Soil management as a key factor on vineyard behavior under semiarid conditions: effects on soil biological activity, plant water and nutrient status, and grape yield and quality
Abstract
Aims: Viticulture practices linked with soil management, as cover crops and deficit irrigation, can help to regulate the vineyard behavior reducing in most cases plant vigor and modifying plant water and nutrient status, and as a consequence, grape yield and quality. Also, these practices can modify the soil biological activity mostly related to microbiome diversity and functionality. However, the overall effect of these agricultural practices depends on the soil water availability, the soil fertility, and the grape cultivar response. Under semiarid conditions, the intensity of competition for water and nutrients associated to cover crop practice can be a handicap for a regulation of grape yield and quality. Also, the effect of cover crops on soil biology under those conditions is poorly understood.
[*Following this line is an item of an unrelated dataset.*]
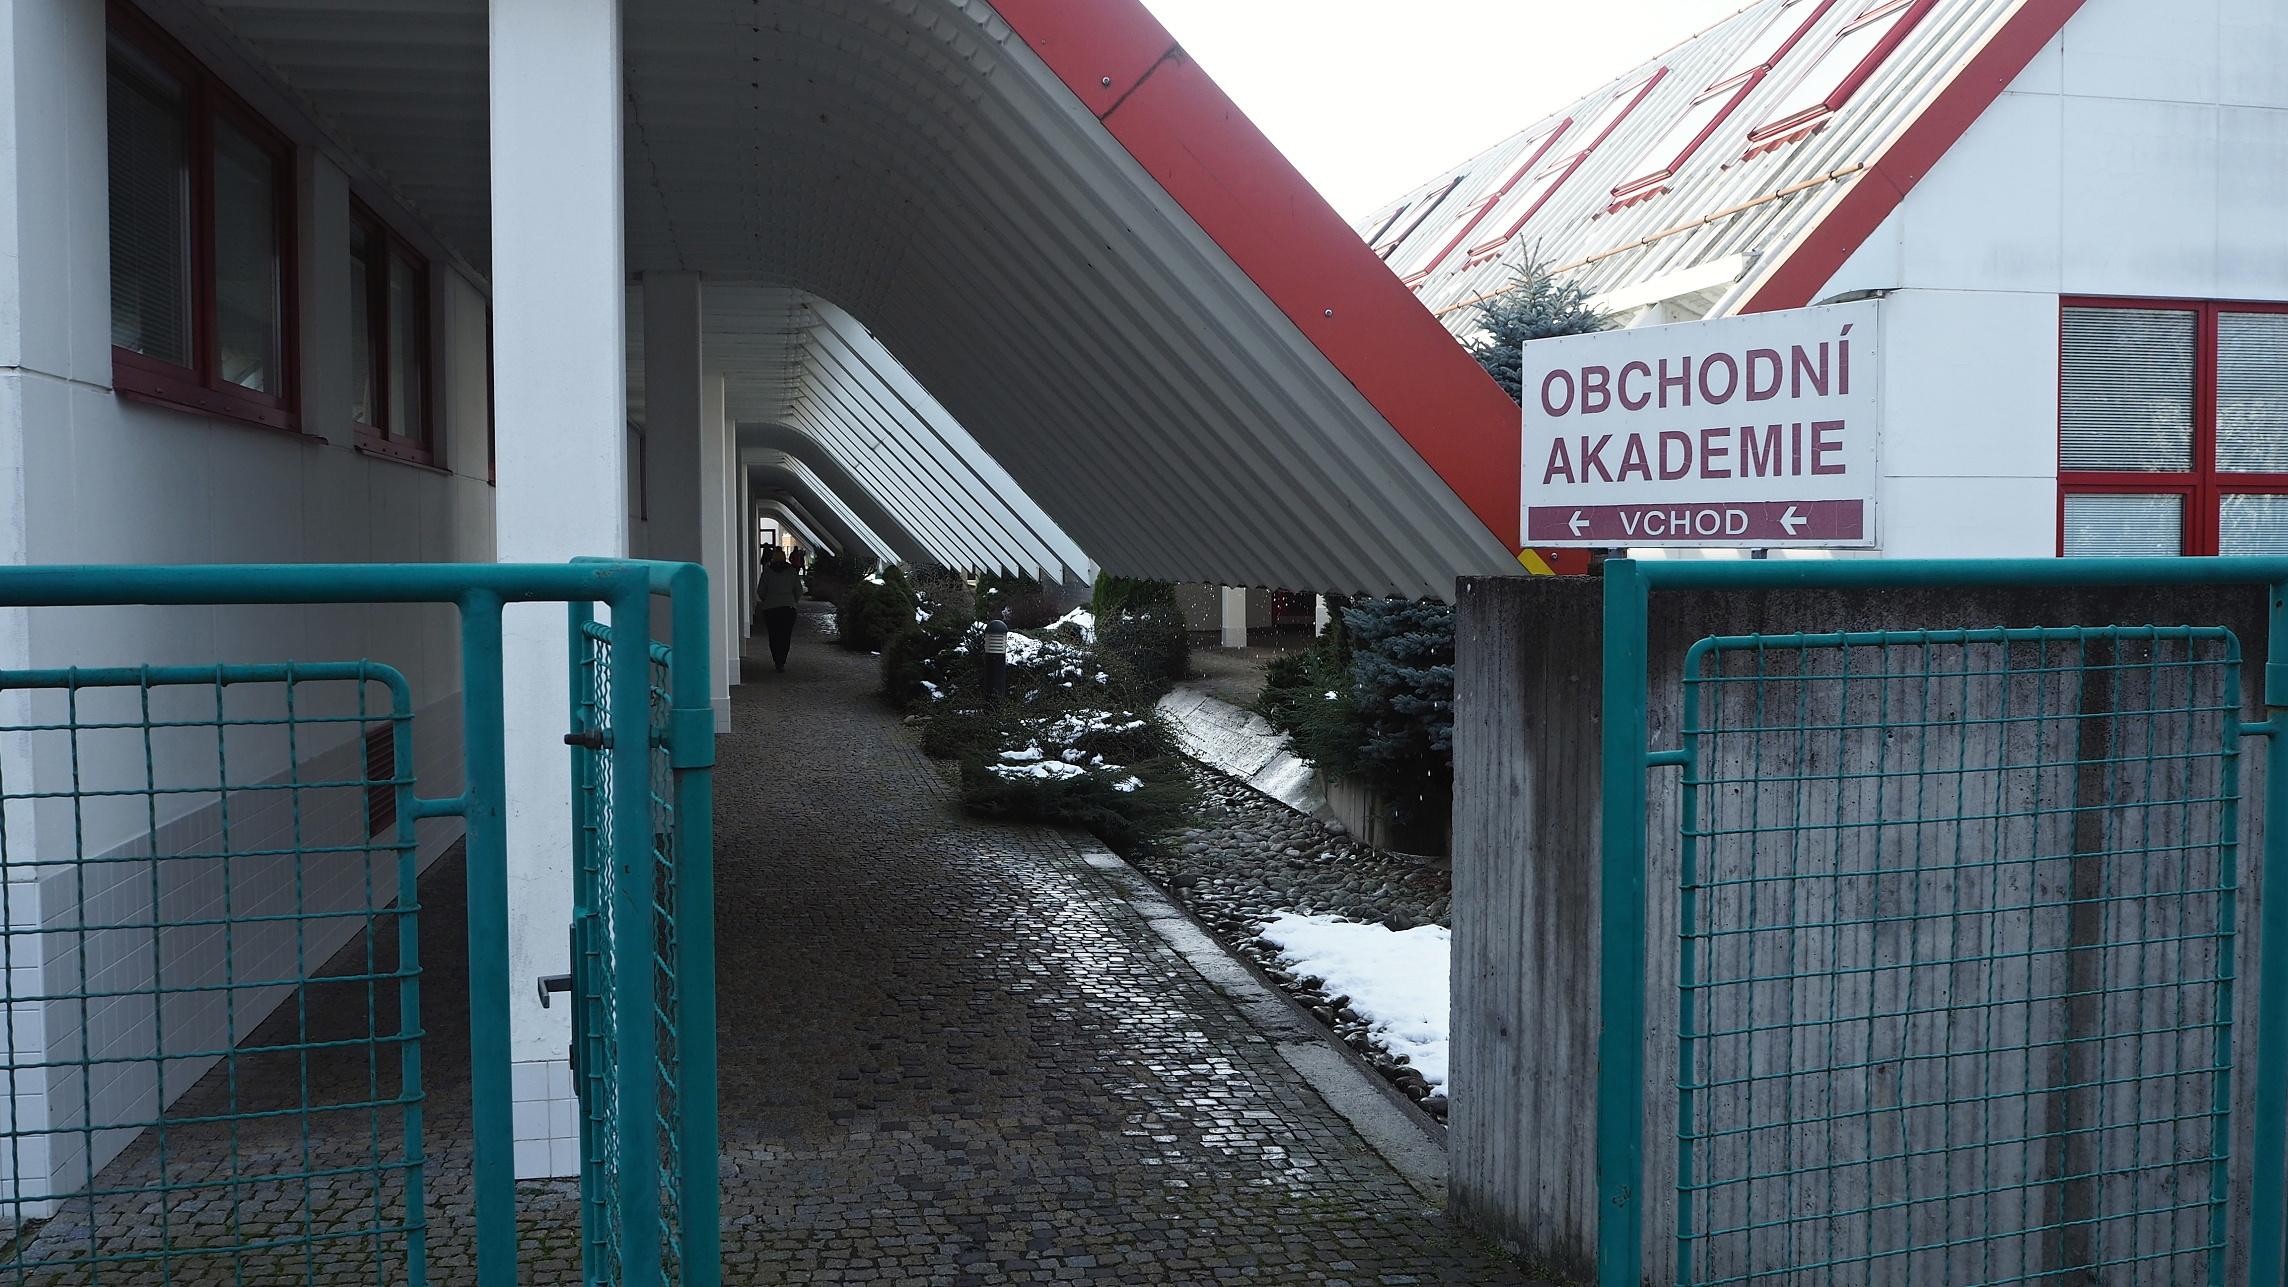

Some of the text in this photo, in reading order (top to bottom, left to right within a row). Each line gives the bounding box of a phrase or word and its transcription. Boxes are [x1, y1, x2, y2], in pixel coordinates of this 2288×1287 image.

[1541, 323, 1853, 417] OBCHODNÍ
[1542, 420, 1846, 485] AKADEMIE
[1619, 509, 1749, 536] VCHOD
Methods and Results: In the present work we present results of a three year’s experiment studying the effect of combining natural green cover and deficit irrigation on soil microbiome, plant water and nutritional status, and grape yield and quality, in two contrasting genotypes. Changes in functional diversity of microbiomes were mainly associated with soil moisture and also changed throughout the vegetative period. Nevertheless, organic matter decomposition assays determined that the maintenance of the cover implies not only a higher rate of decomposition of organic matter but also that a less fraction of it is degraded, favoring the accumulation of carbon in the soil. Under our experimental conditions, green cover reduced plant growth and yield due to an excess of competition for water regardless of genotype. However, the cover crop had a positive effect on grape quality increasing sugar and phenolic content.
Conclusions:
The maintenance of cover crop in vineyards under semiarid areas such as the Mediterranean basin, generates a balance between positive effects such as the increase of organic C in the soil or the improvement of the quality of the grape and negative effects such as the decrease in the availability of water in the soil or the decline of yields.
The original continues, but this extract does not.